The script was written by True Boardman, an actor turned writer with quite a background. True’s father was a silent film star, and True as a youngster, six or seven years old, had also appeared in film. He even made a film with Charlie Chaplin. I didn’t meet True until some time after completing this project, but we became friends and I would often play bridge with True and his wife. Thirty-five years later when I left Los Angeles and moved to Carmel, I discovered that True lived on the Monterey Peninsula. Our friendship reignited, and we ended up forming a Hollywood ex-patriot group that met every other week for lunch. The group included the two of us, Lamont Johnson, Don Hanmer, Kit Parker (a local film distributor who actually was the one who instigated formation of the group) and Shan Sayles. I have to tell you a favorite story. One lunch, after we had been meeting for several years, I arrived anxious to tell them that I had had a pacemaker installed since we had last met. True looked at me disdainfully and said, “I’m on my fourth.”
Four years earlier in 1963 I had directed the first ARREST AND TRIAL, a ninety minute drama with a nine day shooting schedule. The director of photography had been Lionel Lindon. Now four years earlier when I reported for that assignment, I only had eleven film directing credits on my resume. I was just coming off the five Bert Leonard productions (ROUTE 66 and NAKED CITY) and I was not the most secure or confident member of the Directors Guild of America. And Lionel Lindon was indeed a force to be reckoned with. I had not had this sort of association with a cameraman up to this time. I would carefully lay out with him (as I was accustomed to doing with my director of photography) the planned set-up that I wanted. I was very clear and meticulous in my explanation. Lionel would look at me as if I were a recent graduate of the local high school drama department, take a rag out of the rear pocket of his trousers, throw it to the ground and gruffly say, “Put the damn camera here.” To put it bluntly, he had me totally intimidated. On the sixth day when we were shooting away from the studio on location, Lionel was involved in a dispute with a member of the transportation group and made an anti-Semitic remark. He was removed from the production. But before he left, he came over to say goodbye to me and to wish me well. Nothing was said about the incident, the reason he was leaving the production. It was just a warm, unexpected gesture so that now I was totally confused. When one reported to Universal for an assignment, one never knew who the cameraman on the production would be. (I will be discussing Universal’s way of handling department assignments in a moment.) But on the seven intervening shows that I had directed at Universal since ARREST AND TRIAL, I always planned that if Lionel Lindon was the director of photography, I would request either a change in cameramen or my release. But this was four years later. I decided it was time I met up with Goliath again, even if he owned an Oscar for his work on AROUND THE WORLD IN EIGHTY DAYS.

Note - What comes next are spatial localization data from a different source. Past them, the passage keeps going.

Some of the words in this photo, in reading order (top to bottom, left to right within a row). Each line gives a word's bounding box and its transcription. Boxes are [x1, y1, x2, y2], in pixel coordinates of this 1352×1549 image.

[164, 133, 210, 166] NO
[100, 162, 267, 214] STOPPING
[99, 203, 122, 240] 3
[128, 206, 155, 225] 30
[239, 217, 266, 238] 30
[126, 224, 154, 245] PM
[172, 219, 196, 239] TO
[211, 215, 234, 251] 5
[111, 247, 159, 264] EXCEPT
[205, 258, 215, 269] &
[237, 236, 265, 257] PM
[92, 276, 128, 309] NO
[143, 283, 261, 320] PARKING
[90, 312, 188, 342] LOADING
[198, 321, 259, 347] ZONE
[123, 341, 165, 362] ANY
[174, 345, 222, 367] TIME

Tisha Sterling, a Universal contract player and the daughter of Robert Sterling (we had done two productions together), was cast as Elaine. I faintly remember meeting Tisha concerning the portrait of her that would have to be painted. And then I was notified that Tisha was out. She had been cast in a major feature, COOGAN’S BLUFF, and Susan Saint James would be our Elaine. At Universal I found I was very very rarely consulted about casting. In this case Steve Carlson, a contract player was cast as Johnny, and the rest of the cast was just cast. But it turned out to be a very fine group. Donnelly Rhodes, Oscar Beregi, Mort Mills and Simon Scott.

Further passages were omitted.